- [YOUR GOAL]: Without the pictures, reproduce the entries below exactly.
*** Begin section ***
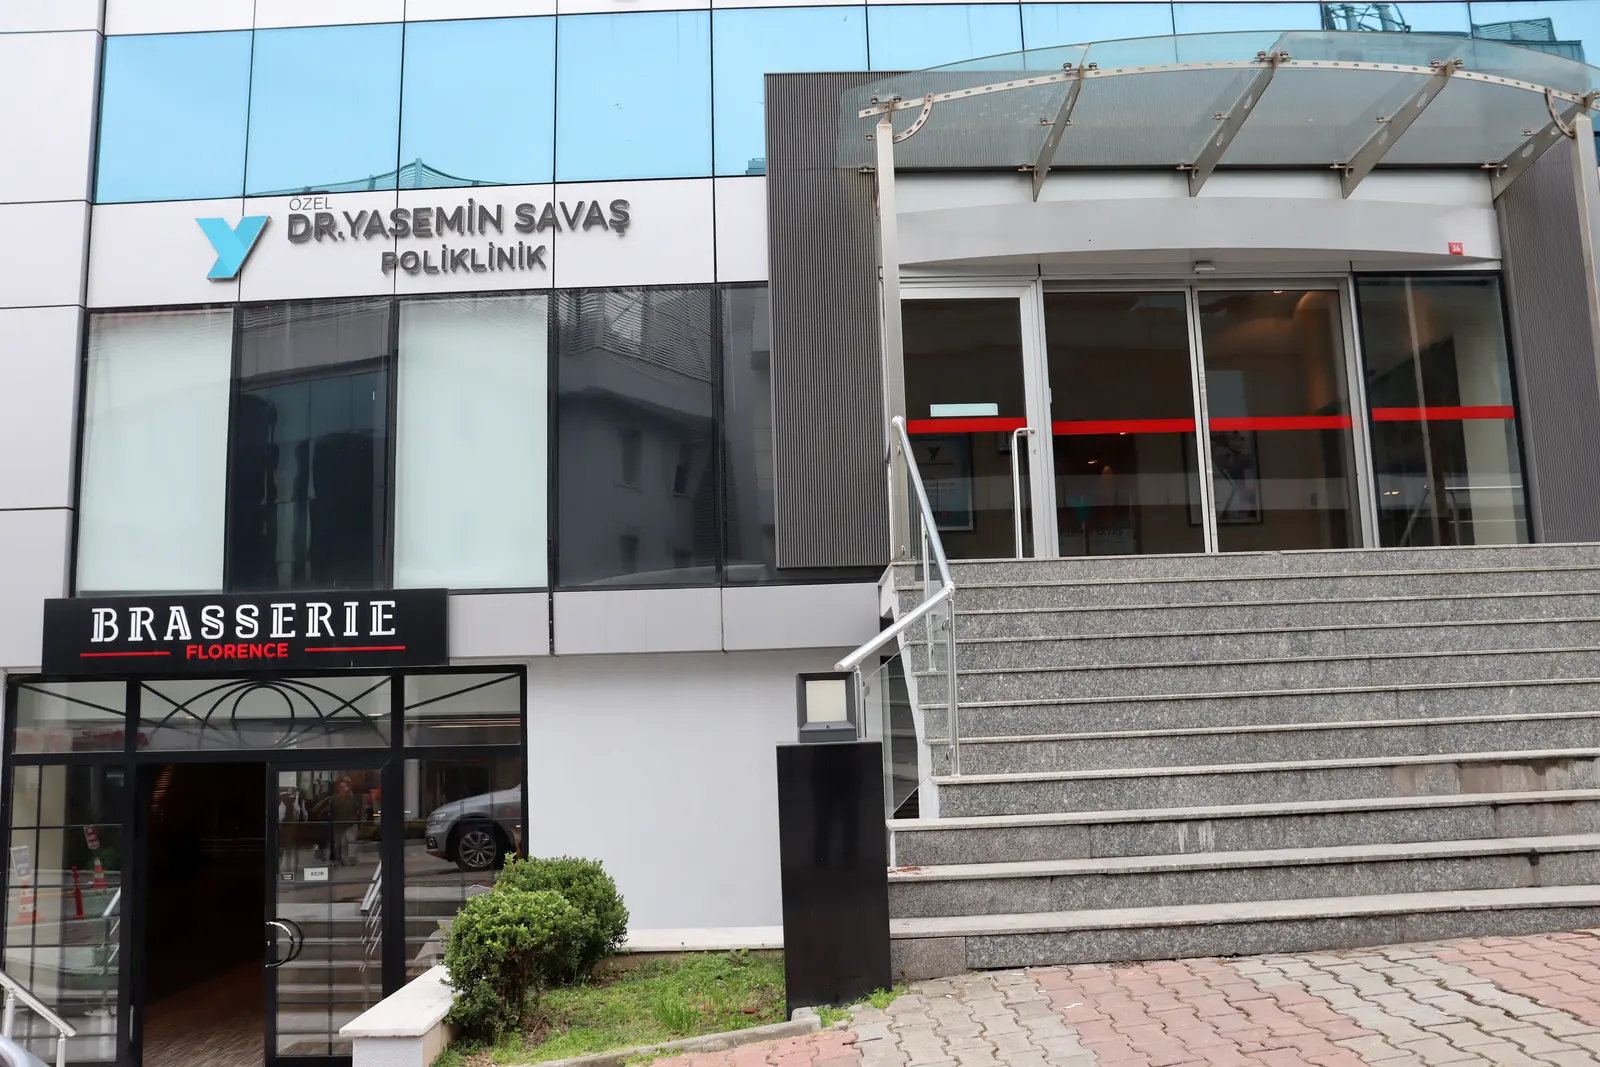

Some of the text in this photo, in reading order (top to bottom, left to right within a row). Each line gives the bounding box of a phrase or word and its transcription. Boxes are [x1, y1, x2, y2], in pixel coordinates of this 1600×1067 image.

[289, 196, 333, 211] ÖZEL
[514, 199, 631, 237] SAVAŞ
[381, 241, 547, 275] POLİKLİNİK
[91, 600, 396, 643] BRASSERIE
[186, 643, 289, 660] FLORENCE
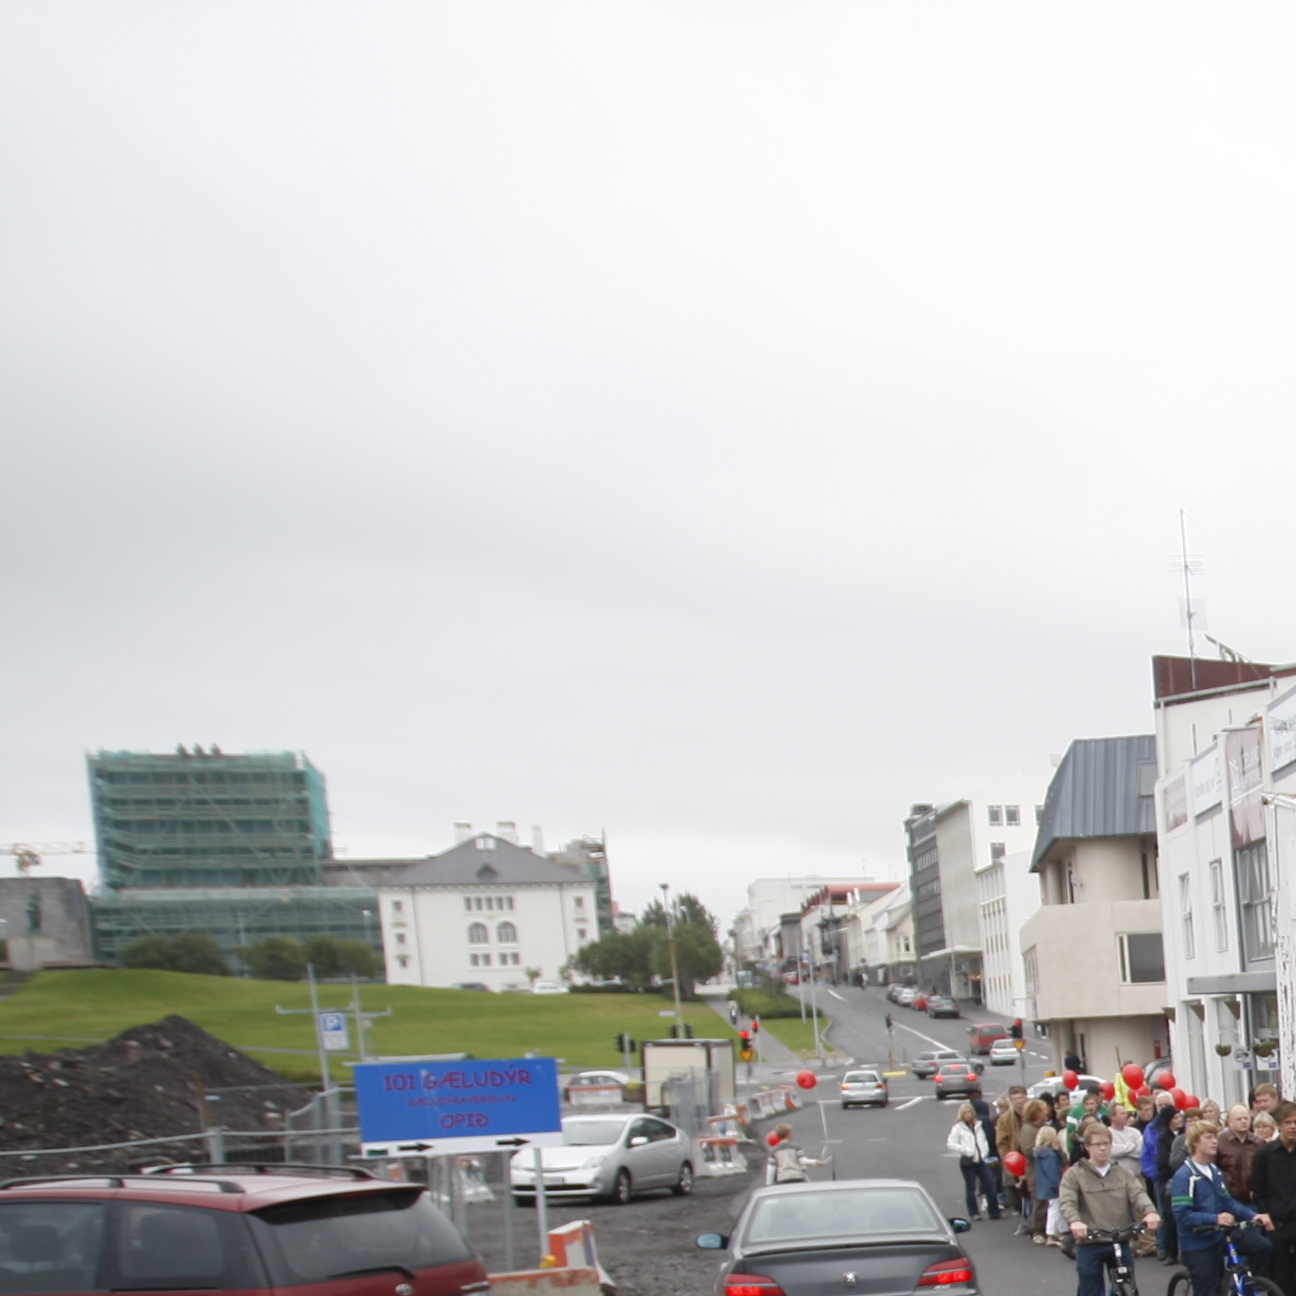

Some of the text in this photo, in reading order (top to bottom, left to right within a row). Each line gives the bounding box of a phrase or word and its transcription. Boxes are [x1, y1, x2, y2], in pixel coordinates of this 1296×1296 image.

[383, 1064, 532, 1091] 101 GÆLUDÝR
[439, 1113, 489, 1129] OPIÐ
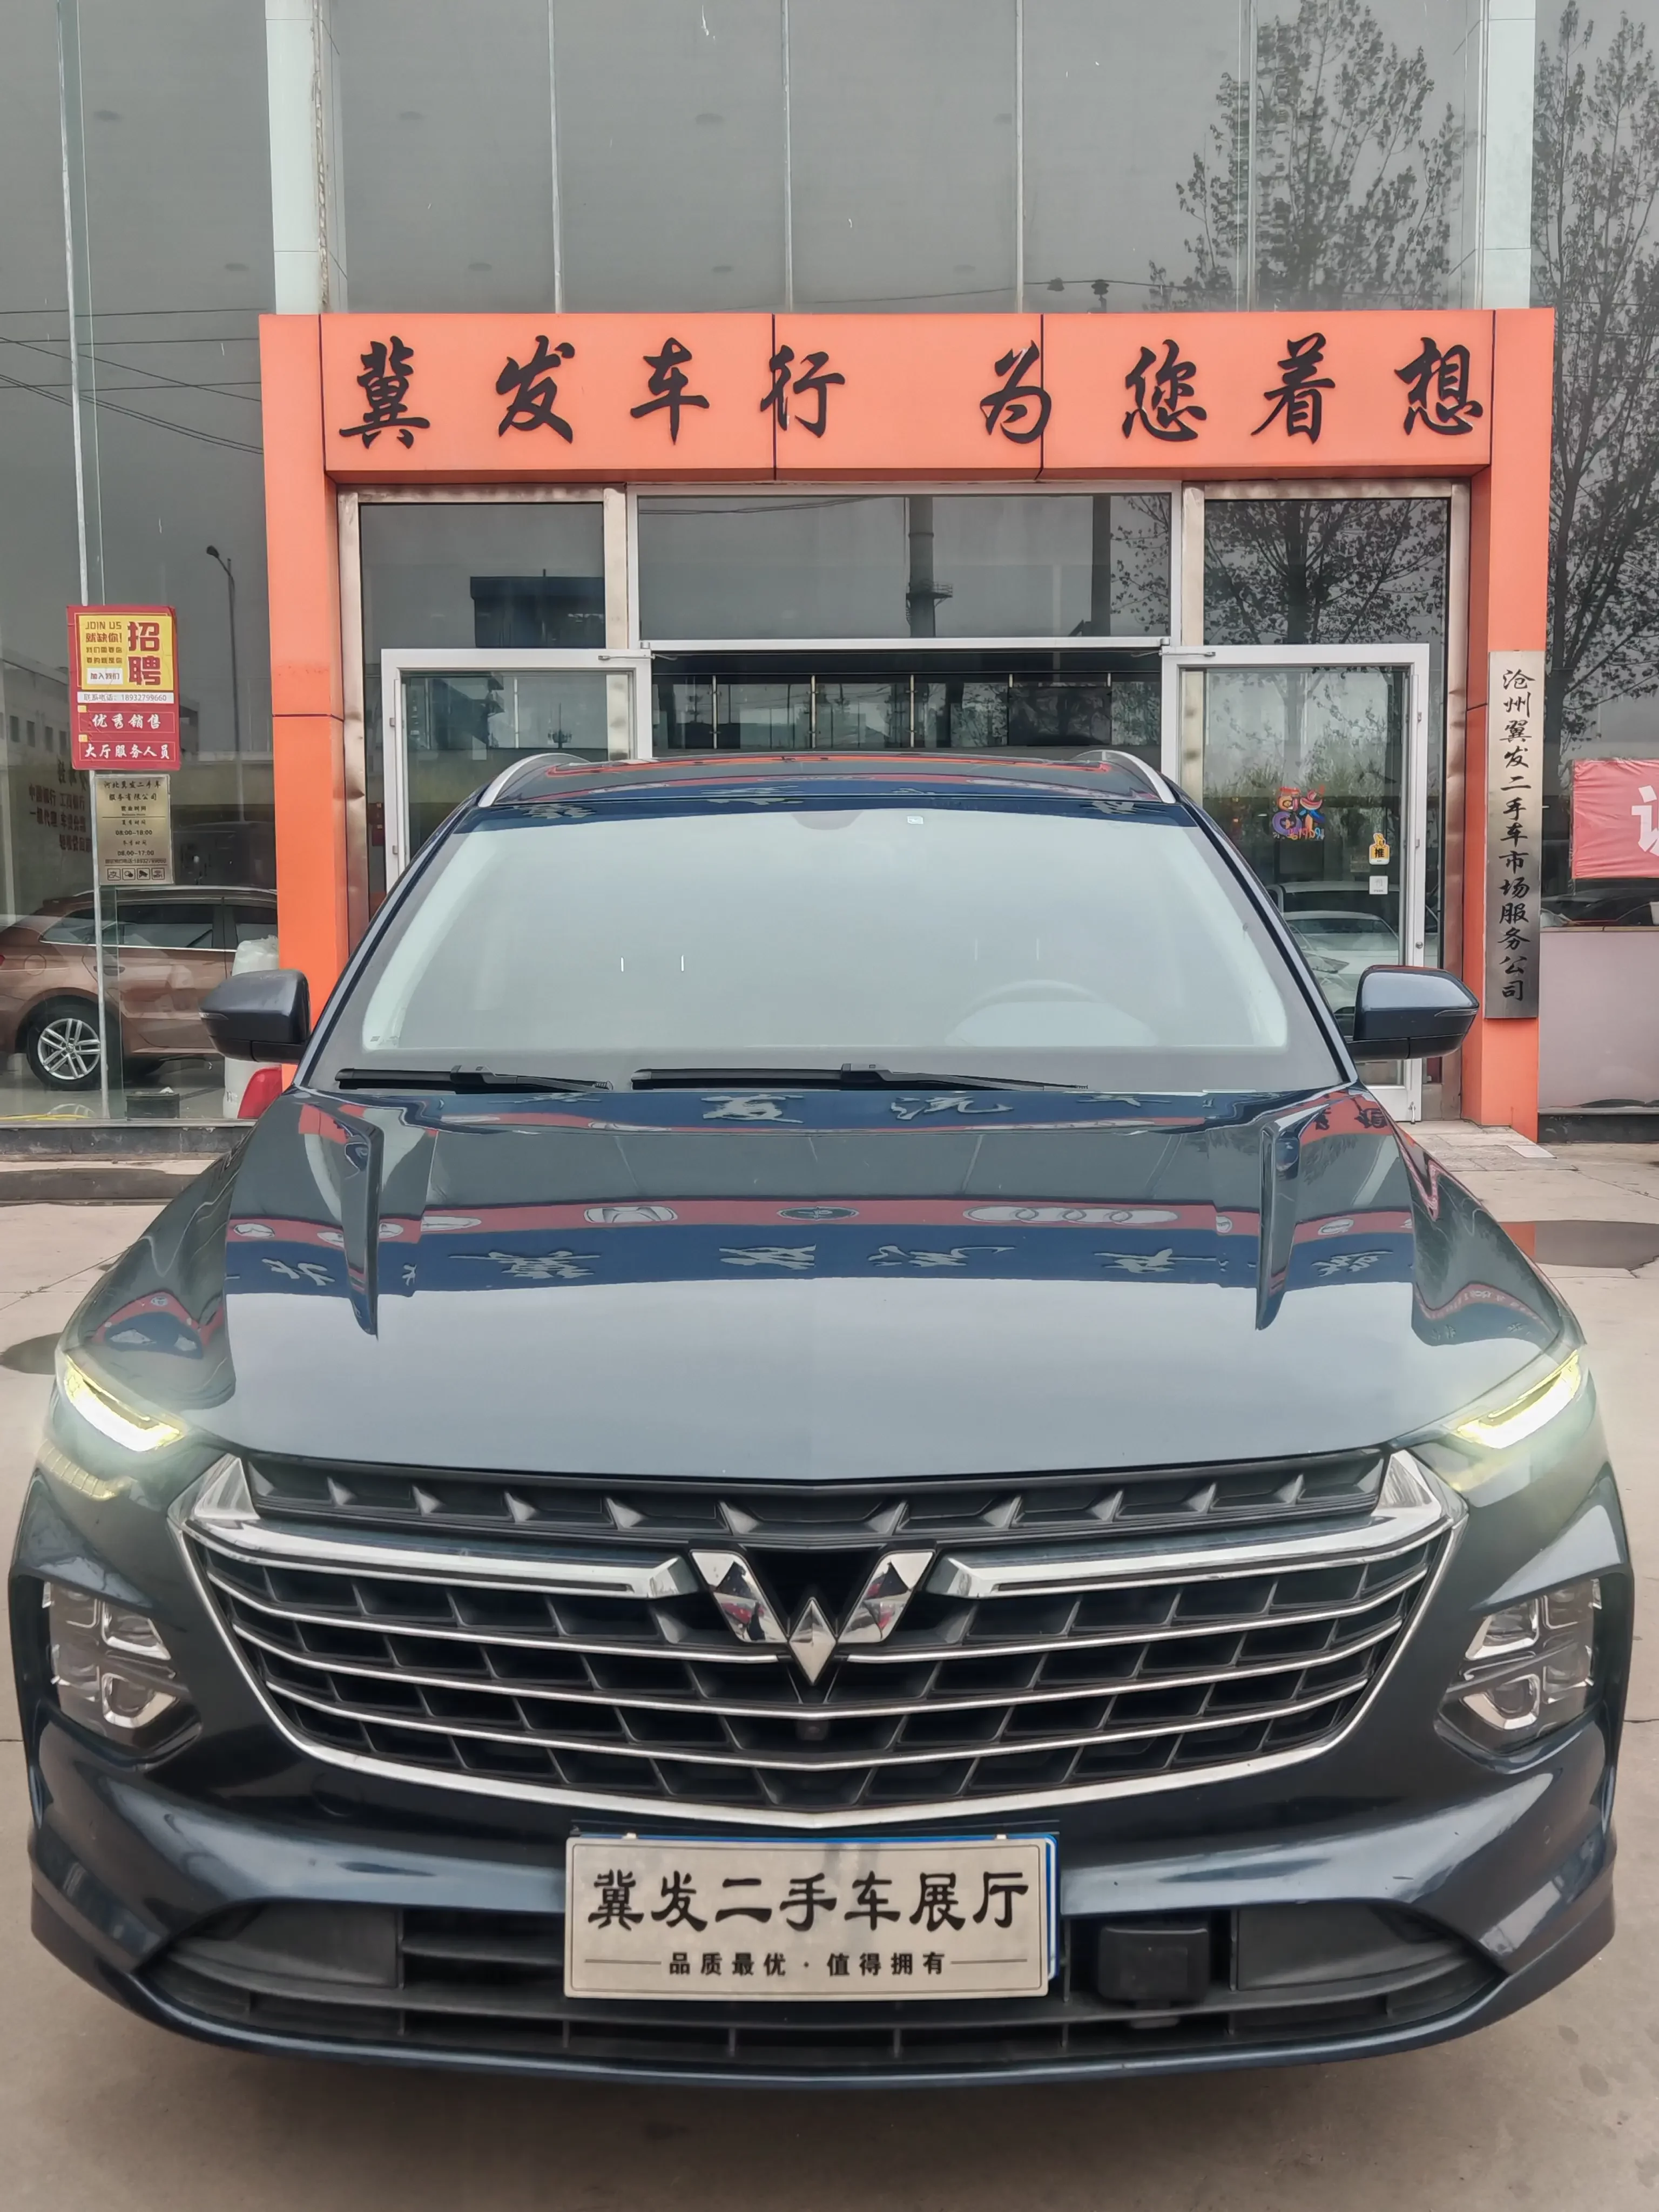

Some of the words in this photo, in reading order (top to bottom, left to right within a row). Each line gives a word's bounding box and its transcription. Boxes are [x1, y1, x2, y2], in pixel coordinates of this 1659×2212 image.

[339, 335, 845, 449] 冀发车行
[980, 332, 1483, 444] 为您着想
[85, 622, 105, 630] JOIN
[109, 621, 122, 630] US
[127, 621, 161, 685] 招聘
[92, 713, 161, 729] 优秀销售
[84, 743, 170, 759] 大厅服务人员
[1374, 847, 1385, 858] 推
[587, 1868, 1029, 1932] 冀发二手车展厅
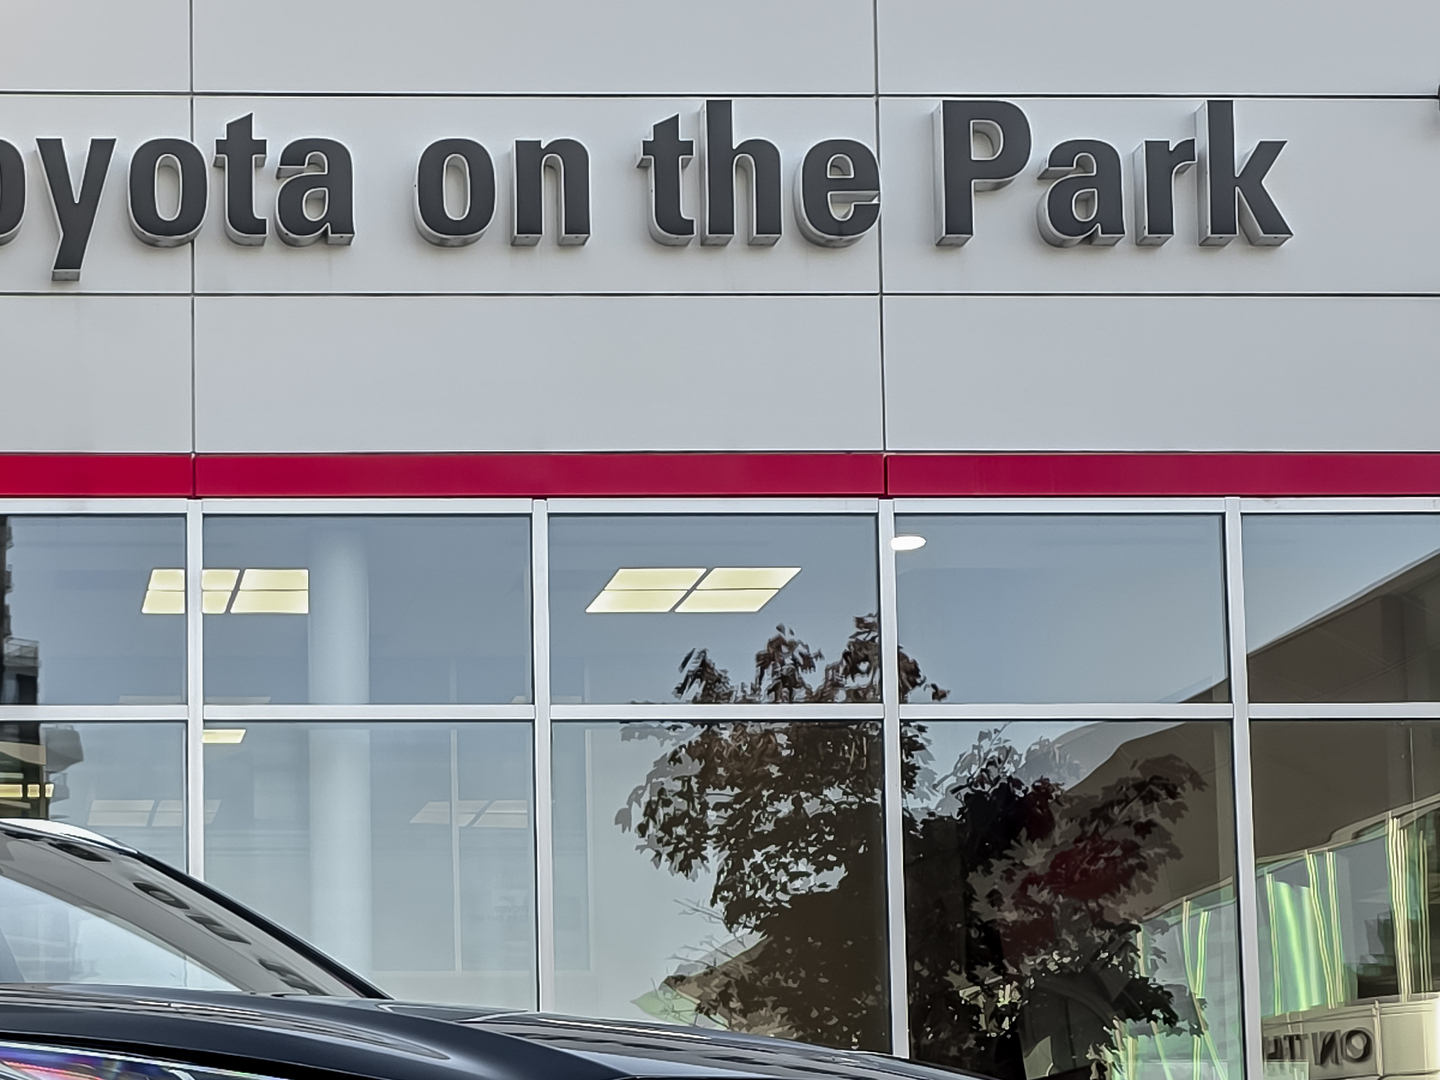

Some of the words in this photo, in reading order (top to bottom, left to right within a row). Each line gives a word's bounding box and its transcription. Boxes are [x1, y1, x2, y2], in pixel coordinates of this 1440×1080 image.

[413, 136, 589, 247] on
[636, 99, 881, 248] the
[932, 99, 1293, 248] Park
*** End section ***
- [RESULT]:
Some of the text in this photo, in reading order (top to bottom, left to right within a row). Each line gives the bounding box of a phrase or word and its transcription. Boxes are [x1, y1, x2, y2], in pixel coordinates of this 1600×1067 image.

[289, 196, 333, 211] ÖZEL
[514, 199, 631, 237] SAVAŞ
[381, 241, 547, 275] POLİKLİNİK
[91, 600, 396, 643] BRASSERIE
[186, 643, 289, 660] FLORENCE

Some of the text in this photo, in reading order (top to bottom, left to right within a row). Each line gives the bounding box of a phrase or word and its transcription. Boxes are [x1, y1, x2, y2], in pixel coordinates of this 1296×1296 image.

[383, 1064, 532, 1091] 101 GÆLUDÝR
[439, 1113, 489, 1129] OPIÐ

Some of the words in this photo, in reading order (top to bottom, left to right within a row). Each line gives a word's bounding box and its transcription. Boxes are [x1, y1, x2, y2], in pixel coordinates of this 1659×2212 image.

[339, 335, 845, 449] 冀发车行
[980, 332, 1483, 444] 为您着想
[85, 622, 105, 630] JOIN
[109, 621, 122, 630] US
[127, 621, 161, 685] 招聘
[92, 713, 161, 729] 优秀销售
[84, 743, 170, 759] 大厅服务人员
[1374, 847, 1385, 858] 推
[587, 1868, 1029, 1932] 冀发二手车展厅

Some of the words in this photo, in reading order (top to bottom, left to right within a row). Each line gives a word's bounding box and its transcription. Boxes are [x1, y1, x2, y2], in pixel coordinates of this 1440×1080 image.

[413, 136, 589, 247] on
[636, 99, 881, 248] the
[932, 99, 1293, 248] Park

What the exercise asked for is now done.